Angeline dan Kekerasan Pada Anak: Refleksi Seminar (Part 1)
Pusat Studi Gender dan Anak (PSGA) Universitas Islam Negeri Maulana
Malik Ibrahim Malang, pada hari Kamis (12/11/2015) mengadakan Seminar Nasional
bertemakan “Rekonseptualisasi Perlindungan Terhadap Anak Korban Kejahatan
Perspektif Pendekatan Kognitif”. Dalam seminar ini didatangkan dua narasumber,
yaitu Siti Safura, SH., yang terdaftar sebagai anggota P2TP2A (Pusat Pelayanan
Terpadu Pemberdayaan Perempuan dan Anak) Bali; dan narasumber satunya adalah
Reni Kusumowardhani, M.Psi., selaku Ketua Asosiasi Psikologi Forensik (Apsifor).
Kemudian, satu minggu kemudian, Fakultas Psikologi Universitas Islam Negeri
Maulana Malik Ibrahim juga mengadakan Seminar Nasional dengan tema yang juga
mengangkat kekerasan anak, yaitu “Mengungkap Fakta Kekerasan pada Anak: Peran
Psikologi Forensik dalam Penegakan Hukum” yang mendatangkan empat narasumber
dengan keahlian yang berbeda-beda, yaitu: 1) Dr. Fathul Lubabin Nuqul, M.Si
(Praktisi Psikologi Hukum); 2) Dr. Lucky Endrawati, MH. (Praktisi Hukum
Universitas Brawijaya Malang); 3) AKBP Cucuk Trihono (Kabag Psikologi Polda
Jatim); dan 4) dr. Bambang Widhiatmoko, SpF. (Dokter Forensik).
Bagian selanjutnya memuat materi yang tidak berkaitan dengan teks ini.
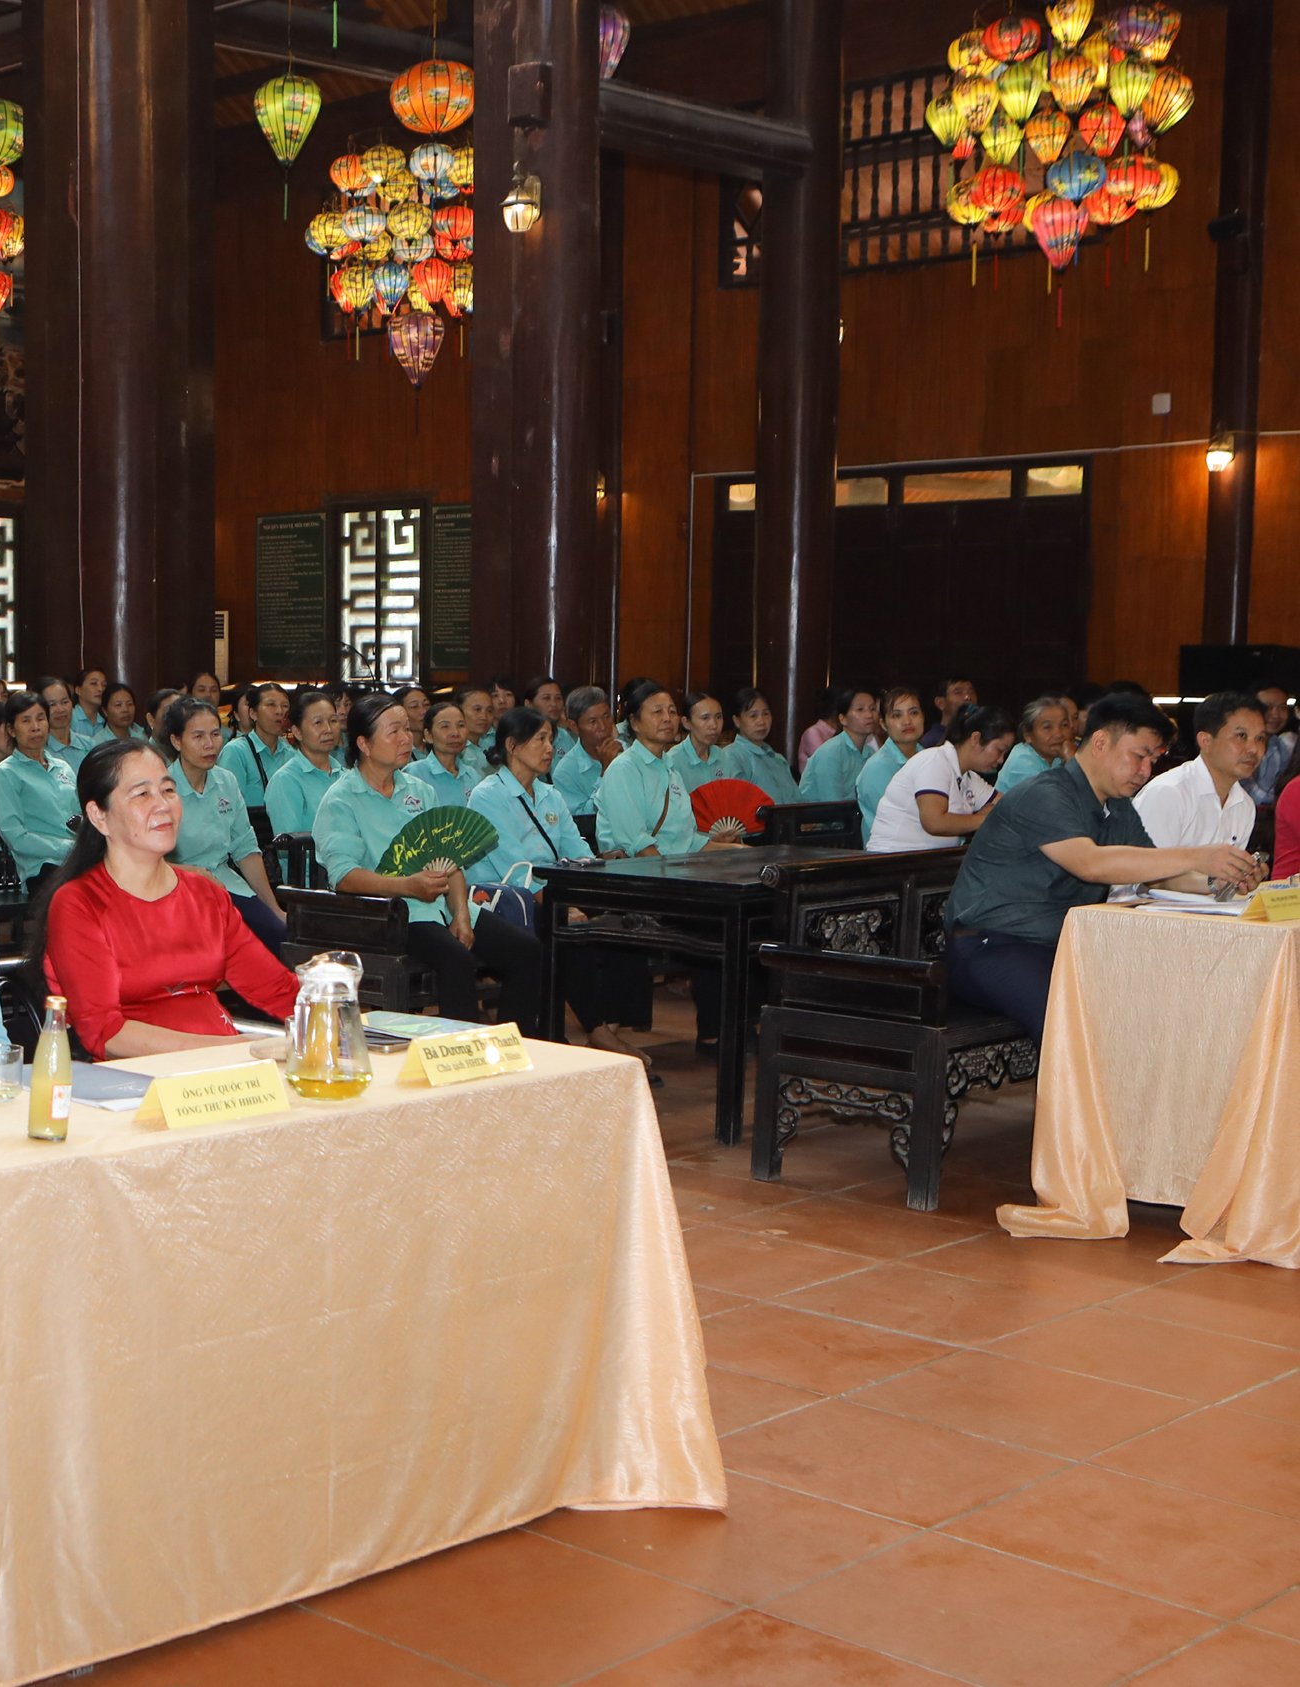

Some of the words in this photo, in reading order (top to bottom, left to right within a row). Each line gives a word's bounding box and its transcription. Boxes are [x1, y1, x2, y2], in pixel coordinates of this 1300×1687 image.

[423, 1046, 439, 1060] Bà
[439, 1043, 473, 1056] Dương
[492, 1034, 520, 1047] Thanh
[182, 1086, 203, 1100] ÔNG
[204, 1083, 217, 1096] VŨ
[218, 1080, 244, 1095] QUỐC
[246, 1077, 261, 1090] TRÍ
[175, 1103, 202, 1117] TỔNG
[204, 1099, 223, 1113] THƯ
[239, 1092, 277, 1107] HHDLVN
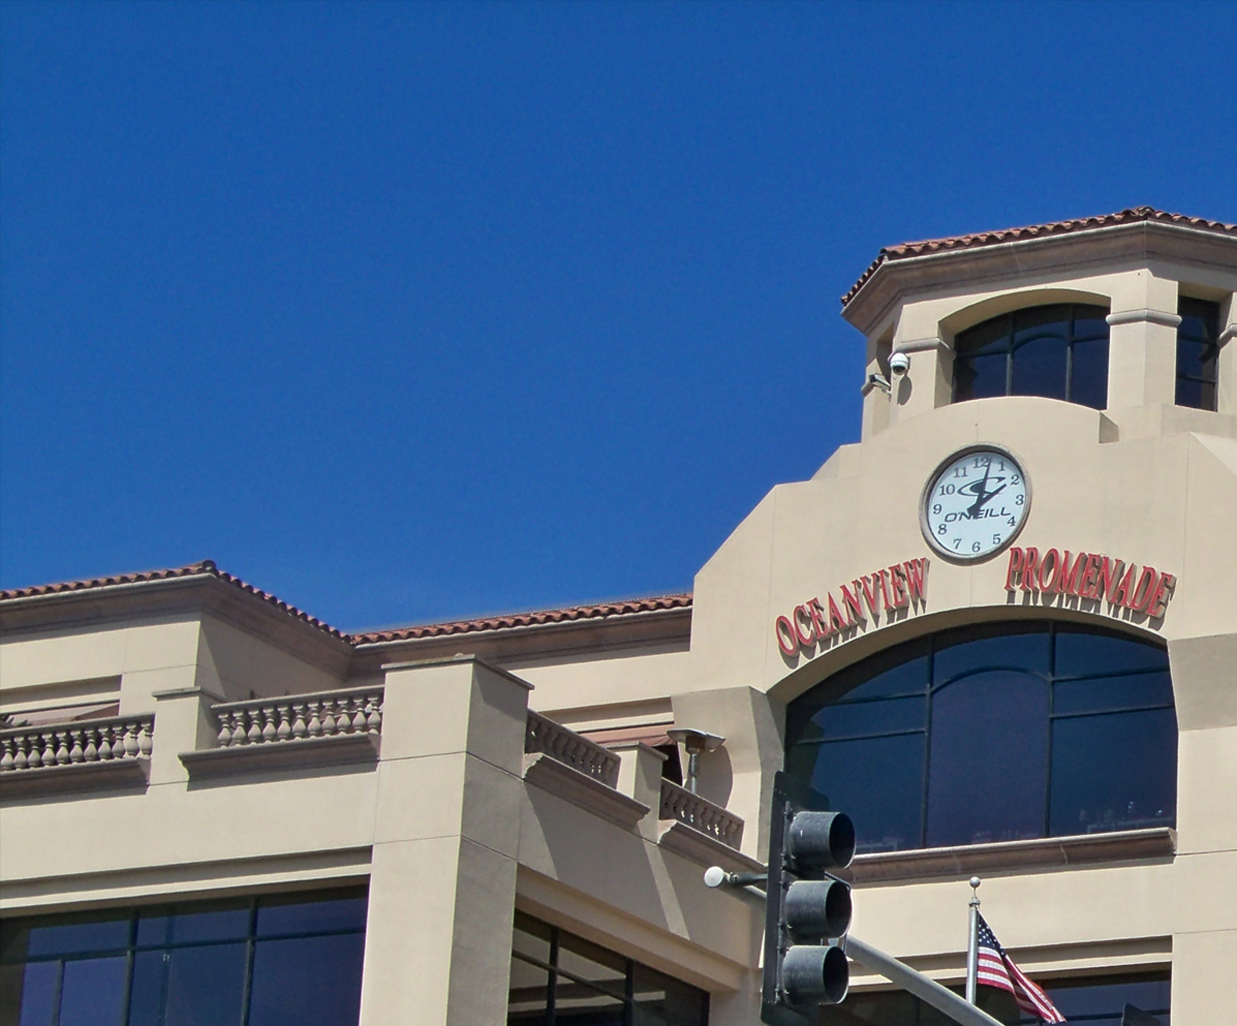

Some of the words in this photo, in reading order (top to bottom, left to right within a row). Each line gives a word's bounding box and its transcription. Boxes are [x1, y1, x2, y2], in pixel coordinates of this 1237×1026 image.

[973, 456, 990, 469] 12
[998, 461, 1007, 472] 1
[953, 466, 968, 478] 11
[1010, 474, 1020, 486] 2
[939, 484, 955, 496] 10
[1015, 494, 1024, 506] 3
[933, 503, 942, 515] 9
[1007, 516, 1016, 527] 4
[938, 523, 947, 535] 8
[953, 538, 962, 549] 7
[992, 534, 1001, 545] 5
[971, 541, 981, 553] 6
[775, 557, 930, 657] OCEANVIEW
[1004, 547, 1177, 619] PROMENADE
Yang menarik dalam seminar pertama adalah bahwa kedua narasumbernya
merupakan praktisi yang sudah berkali-kali berhadapan dengan kasus kekerasan
pada anak. Bahkan bu Ipung (nama panggilan bu Siti Safura) juga pernah
mengalami kekerasan pada anak secara pribadi, yakni ketika beliau harus
memberontak dalam keluarganya dan harus kabur untuk dapat bersekolah dan
kuliah. Karena memang culture di Bali yang tidak membolehkan anak perempuan
bersekolah tinggi-tinggi. Mendengar kisah perjuangan beliau yang sampai harus kabur dari rumah dan sempat menjadi pembantu rumah tangga demi bisa sekolah, mengingatkan penulis pada kisah perjuangan R.A. Kartini (baca: Kartini: Simbol Perlawanan). Tidak hanya di situ bu Ipunk berhadapan dengan
kasus kekerasan pada anak secara langsung, karena putrinya pada usia 22 bulan
juga mengalami kekerasan seksua, yaitu dicabuli oleh tetangganya. Sebenarnya untuk
menceritakan kisah ini bisa teramat panjang, yaitu bagaimana kemudian bu Ipung
berjuang untuk mencari keadilan putrinya yang mendapat kekerasan seksual di
usia 22 bulan. Namun, inti dari kasus dihadapi bu Ipung ini sangat panjang,
bahkan meskipun pelakunya itu bisa ditangkap, ternyata beberapa waktu kemudian
bisa bebas dengan hanya menggunakan uang 35 juta. Namun, bu Ipung tetap gigih
memperjuangkan keadilan bagi putrinya, yang pada akhirnya pelaku kekerasan
seksual pada putrinya bisa ditangkap dan diadili sesuai dengan hukum yang
berlaku.
Setelah hampir satu jam bercerita tentang perjuangannya dalam
mendapatkan keadilan bagi putrinya, bu Ipung kemudian menceritakan kasus Angeline,
yang pada bulan Juni lalu menjadi trending topic di semua media. Untuk menceritakan
kasus ini pun membutuhkan waktu yang lama, karena saking lamanya sampai-sampai
moderator berkali-kali memberikan kode. Tapi intinya, ternyata kasus Angeline
adalah sebuah konspirasi tingkat tinggi yang hingga Kapolda Bali pun dibuat
tidak berkutik untuk bisa menyentuh TKP. Dan ibu Ipunk ini adalah – kalau boleh
penulis menyebutnya – sebagai “pahlawan sebenarnya” yang berhasil menemukan dan
mengungkap kasus Angeline. Kenapa penulis mengatakan ini konspirasi besar? Karena
dari pemaparan ibu Ipung, ia sampai-sampai jhampir putus asa ketika semua
jajaran kepolisian yang ada di daerah itu tidak berani untuk masuk dan menyisir
TKP, padahal ibu Ipunk sangat yakin bahwa Angeline tidak hilang, tapi sengaja
dihilangkan. Saking yakinnya ibu Ipung ini, ia sempat berani mempertaruhkan
nyawanya untuk membuktikan bahwa dugaannya itu tidak salah, ia sempat
mengatakan pada Kapolres setempat bahwa “jika Angeline tidak ditemukan sudah
menjadi mayat di dalam TKP, maka silahkan potong lehernya”, dan itu diualngi
kembali saat ia bertemu salah satu anggota Dewan Perwakilan Rakyat yang datang
ke rumah Margareth, meskipun akhirnya ia dan beberapa pejabat tidak berhasil
masuk ke TKP. Jadi, dari polisi sampai anggota DPRD tidak bisa masuk ke TKP.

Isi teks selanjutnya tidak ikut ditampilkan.